Cuirass: Performance monitoring

  • Done
  • quality assurance status badge
Details
6 participants
  • Andreas Enge
  • Bonface M. K.
  • Ludovic Courtès
  • Christopher Baines
  • Mathieu Othacehe
  • zimoun
Owner
unassigned
Submitted by
Ludovic Courtès
Severity
normal
L
L
Ludovic Courtès wrote on 28 Aug 2018 00:33
(address . bug-guix@gnu.org)
87pny3783p.fsf@gnu.org
As discussed earlier today on IRC with Clément, we could add performance
monitoring capabilities to Cuirass. Interesting metrics would be:

• time of push to time of evaluation completion;

• time of evaluation completion to time of build completion.

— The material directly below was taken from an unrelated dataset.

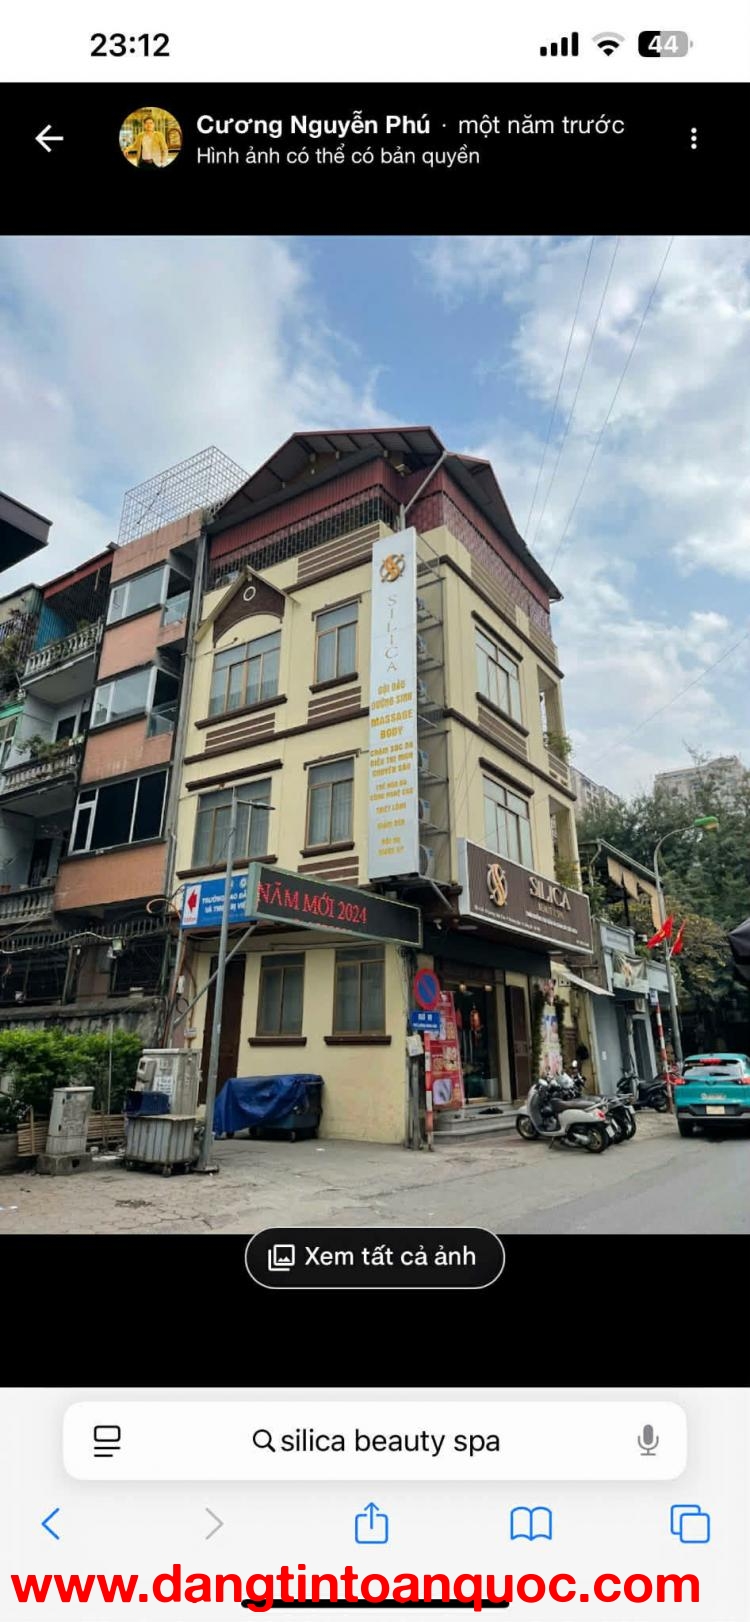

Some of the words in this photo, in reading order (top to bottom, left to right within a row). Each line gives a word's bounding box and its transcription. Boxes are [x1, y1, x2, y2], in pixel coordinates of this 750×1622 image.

We could visualize that per job over time. Perhaps these are also stats
that ‘guix weather’ could display.

Ludo’.
M
M
Mathieu Othacehe wrote on 6 Sep 2020 16:42
(name . Ludovic Courtès)(address . ludo@gnu.org)(address . 32548@debbugs.gnu.org)
87d02zge5e.fsf@gnu.org
Hello,

Toggle quote (7 lines)
> As discussed earlier today on IRC with Clément, we could add performance
> monitoring capabilities to Cuirass. Interesting metrics would be:
>
> • time of push to time of evaluation completion;
>
> • time of evaluation completion to time of build completion.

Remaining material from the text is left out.